Um dia depois de o presidente dos EUA, Donald Trump, ter anunciado tarifas adicionais de 25 por cento sobre qualquer país que faça negócios com o Irão, o congressista Shashi Tharoor classificou na quarta-feira a situação como “séria” e “perturbadora”, dizendo que a Índia seria duramente atingida, pois agora teria de pagar enormes tarifas de 75 por cento aos Estados Unidos.
Tharoor expressou preocupação com as tarifas iniciais de 25 por cento impostas à Índia porque eram mais elevadas do que as tarifas impostas ao resto do Sul da Ásia, que eram concorrentes da Índia na exportação de bens de mão-de-obra intensiva, como pedras preciosas, jóias, marisco, camarão e couro. “Agora você tem 25 por cento a mais para as sanções russas, o que leva para 50 por cento, e se houver 25 por cento a mais de sanções contra o Irã, vai para 75 por cento. Então, sejamos realistas, nenhuma empresa indiana pode exportar 75 por cento para a América”, disse Tharoor, segundo a ANI.
Observou ainda que após a última imposição de tarifas, a Índia pode continuar a exportar apenas os produtos que ainda não estão sujeitos a sanções, como os produtos farmacêuticos.

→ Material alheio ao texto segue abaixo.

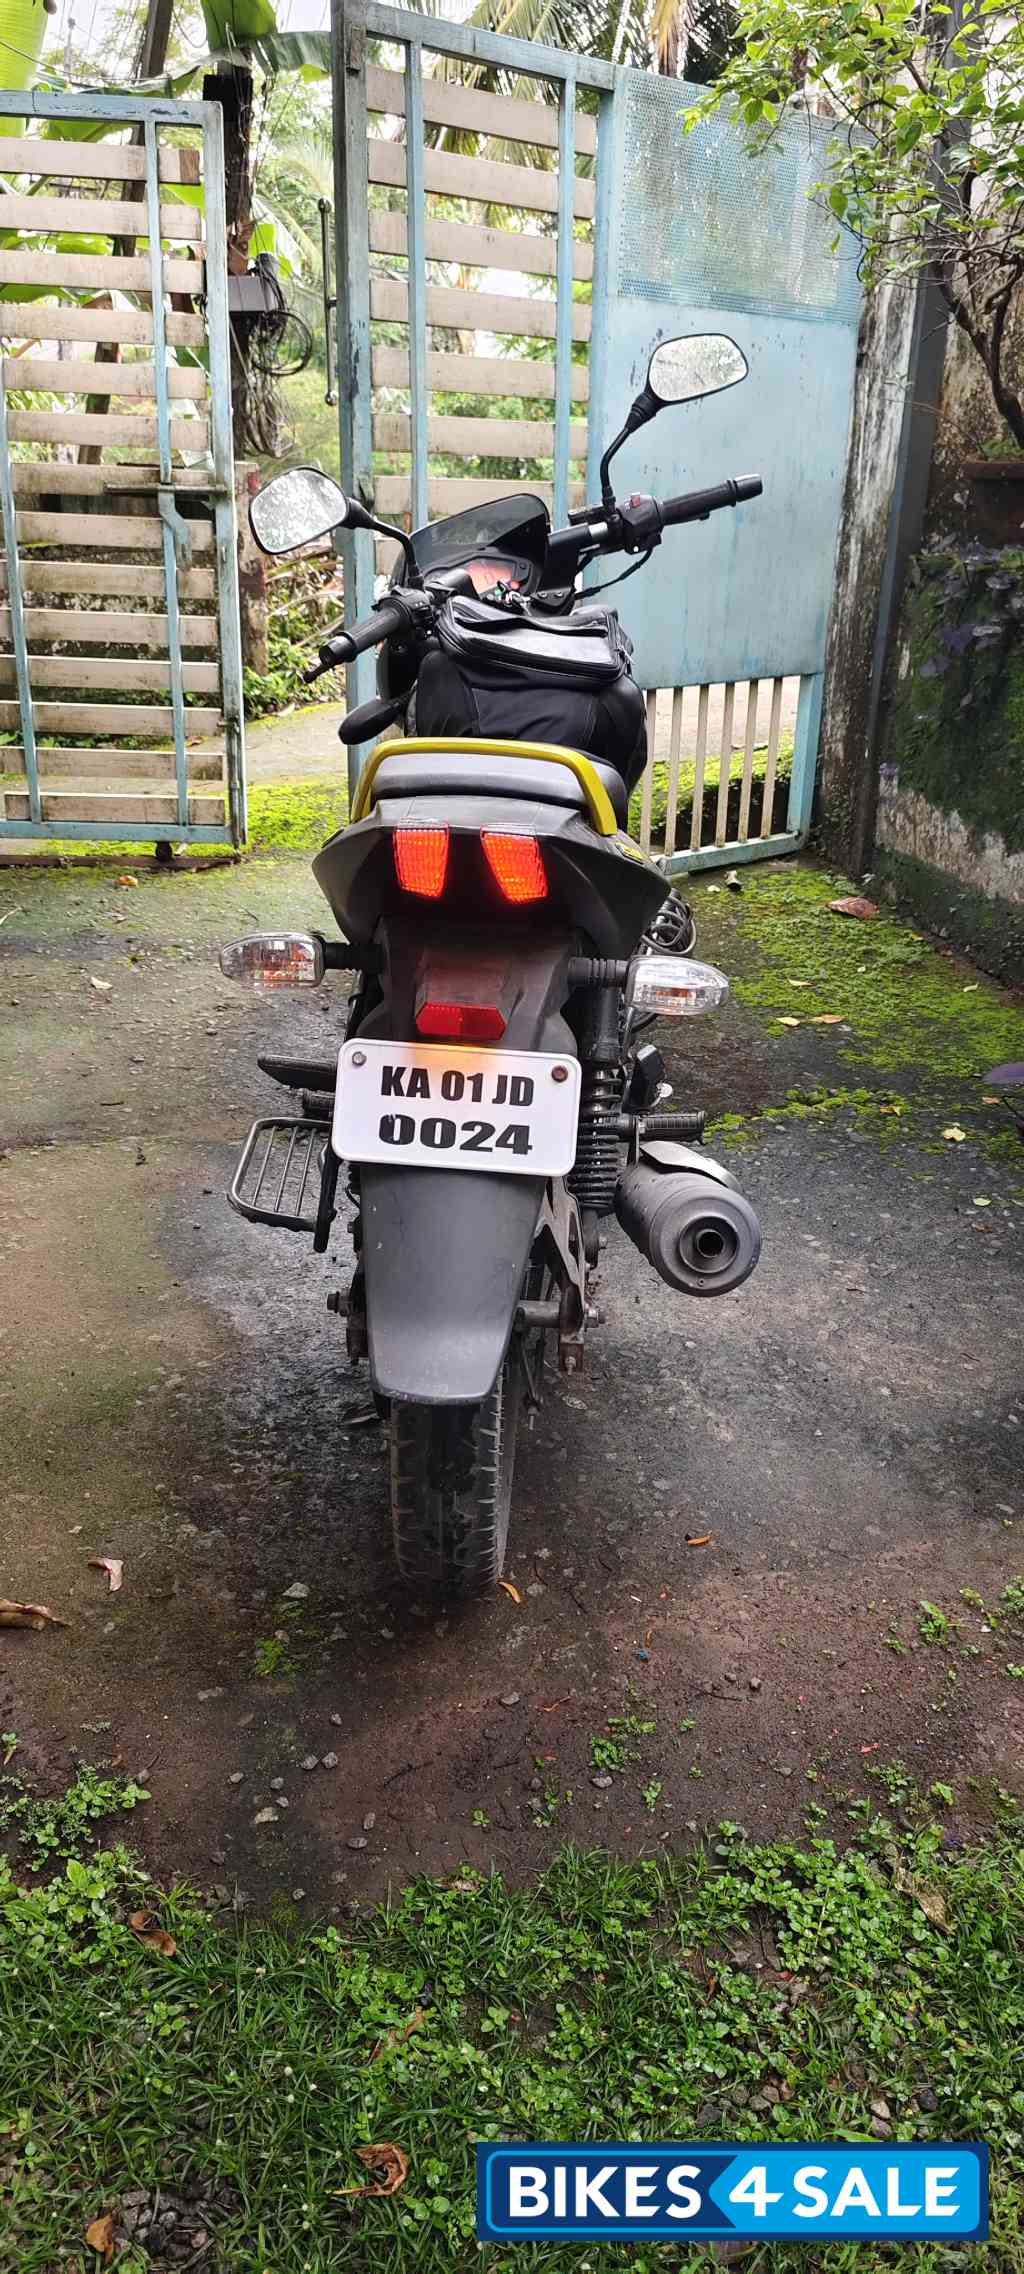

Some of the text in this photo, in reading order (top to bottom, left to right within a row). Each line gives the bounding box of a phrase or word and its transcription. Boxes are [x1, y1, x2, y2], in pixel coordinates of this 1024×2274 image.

[380, 1065, 534, 1107] KA 01 JD
[379, 1114, 533, 1155] 0024
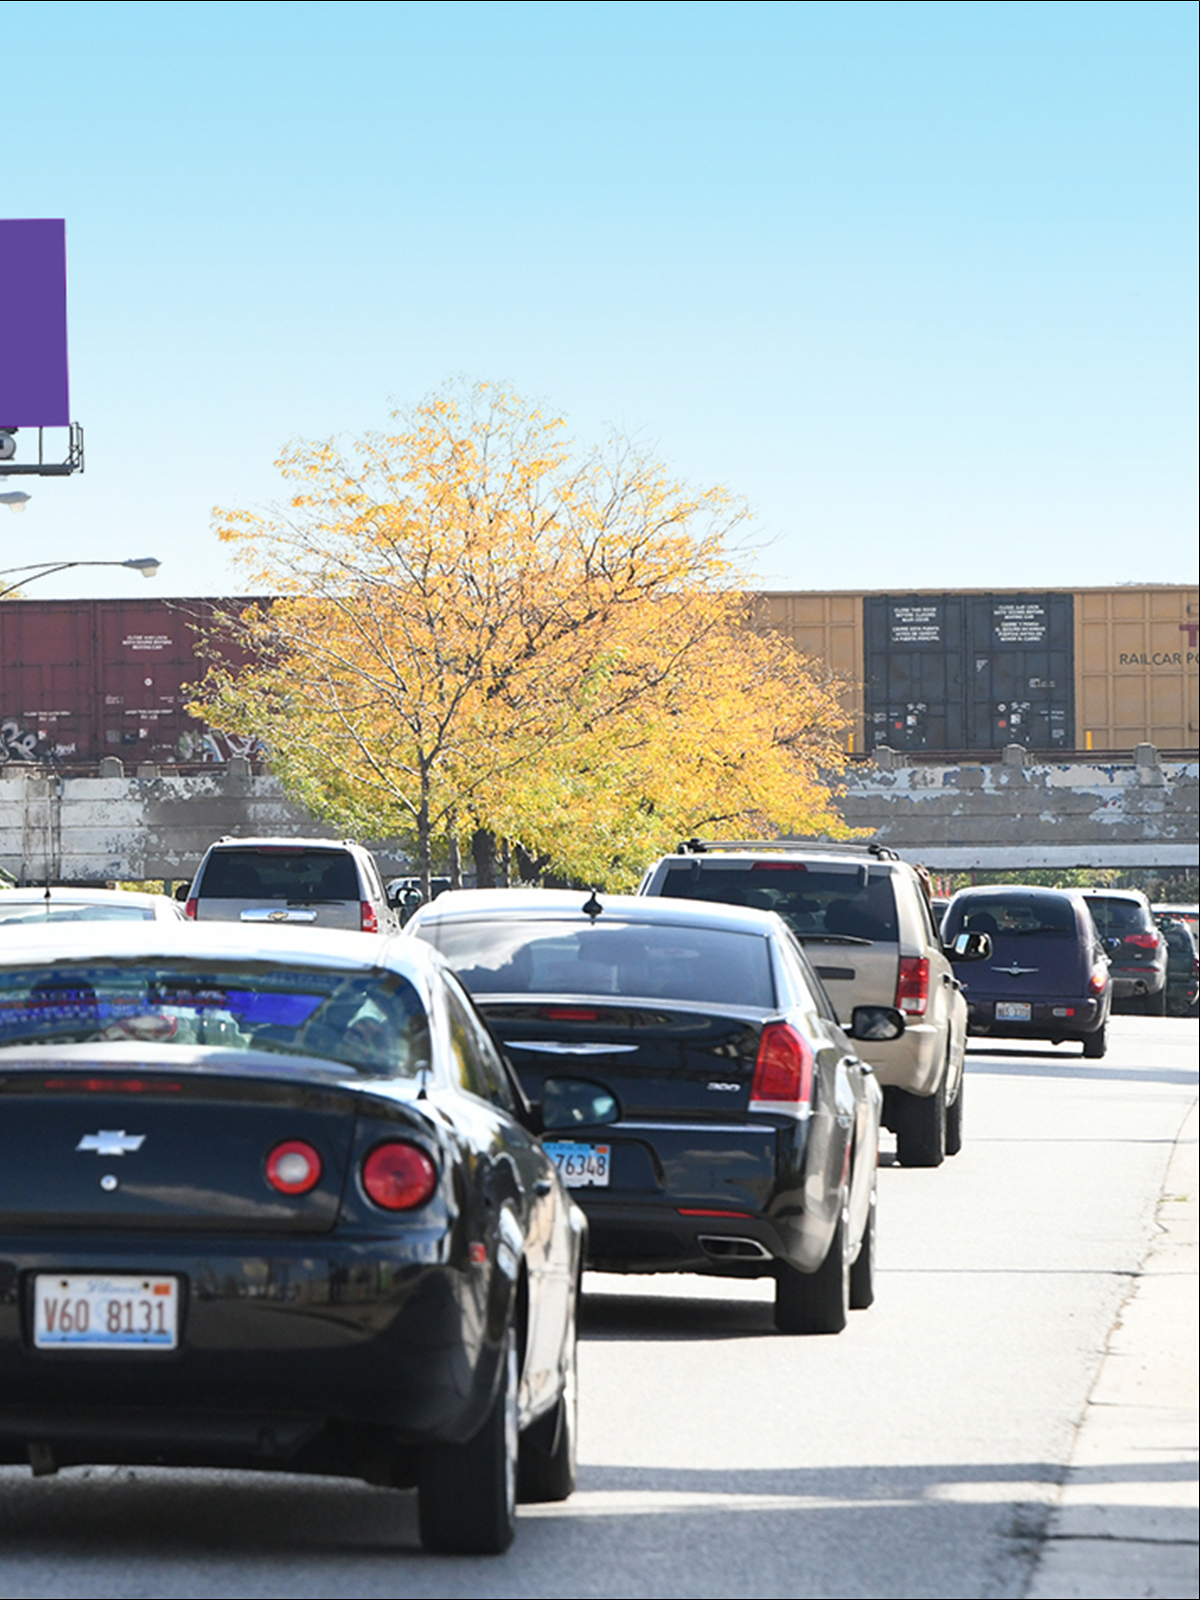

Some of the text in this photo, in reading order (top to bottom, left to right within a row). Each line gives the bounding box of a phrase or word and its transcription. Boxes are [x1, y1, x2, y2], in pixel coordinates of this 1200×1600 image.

“Portanto, é uma preocupação. Não sei o que o governo está dizendo, mas do meu ponto de vista é muito sério”, disse ele antes de instar o recém-nomeado embaixador dos EUA a trabalhar duro em um acordo comercial entre os dois países.
Jaishankar fala com Rubio
Enquanto as relações comerciais Índia-EUA passam por altos e baixos, o Ministro das Relações Exteriores da Índia, S Jaishankar, falou com o secretário de Estado dos EUA, Marco Rubio, por telefone na terça-feira, onde discutiram a cooperação bilateral, incluindo comércio, energia nuclear e defesa, informou o Hindustan Times.
Jaishankar disse que teve uma “boa conversa” com Rubio e acrescentou que manterão contato sobre esses e outros assuntos.
Jaiswal v.
Os comentários de Tharoor foram feitos dias depois de o porta-voz do Departamento de Estado, Rendhir Jaiswal, ter chamado de “imprecisa” a alegação do secretário de Comércio dos EUA, Howard Lutnick, de que um acordo comercial bilateral falhou no ano passado porque o primeiro-ministro Narendra Modi não nomeou o presidente Donald Trump.
Aparecendo no podcast, Lutnick causou agitação política ao fazer novas alegações de que o primeiro-ministro Modi “não ligou” para Trump, sinalizando que a Índia não estava confortável com o acordo, informou o Hindustan Times.
Ele alegou que a Índia teve “três sextas-feiras” para selar o acordo comercial, durante as quais o primeiro-ministro Modi teve que ligar para Trump para selar o acordo.
O porta-voz da MEA, Jaiswal, em seu briefing semanal à mídia, discordou da declaração de Lutnik. “A caracterização destas discussões nas observações relatadas é imprecisa”, disse Jaiswal, acrescentando que a Índia continua interessada e espera um acordo comercial mutuamente benéfico.
Ele também observou que o Primeiro-Ministro Modi e o Presidente Trump falaram ao telefone oito vezes durante 2025, quando destacaram vários aspectos da ampla parceria entre os dois países.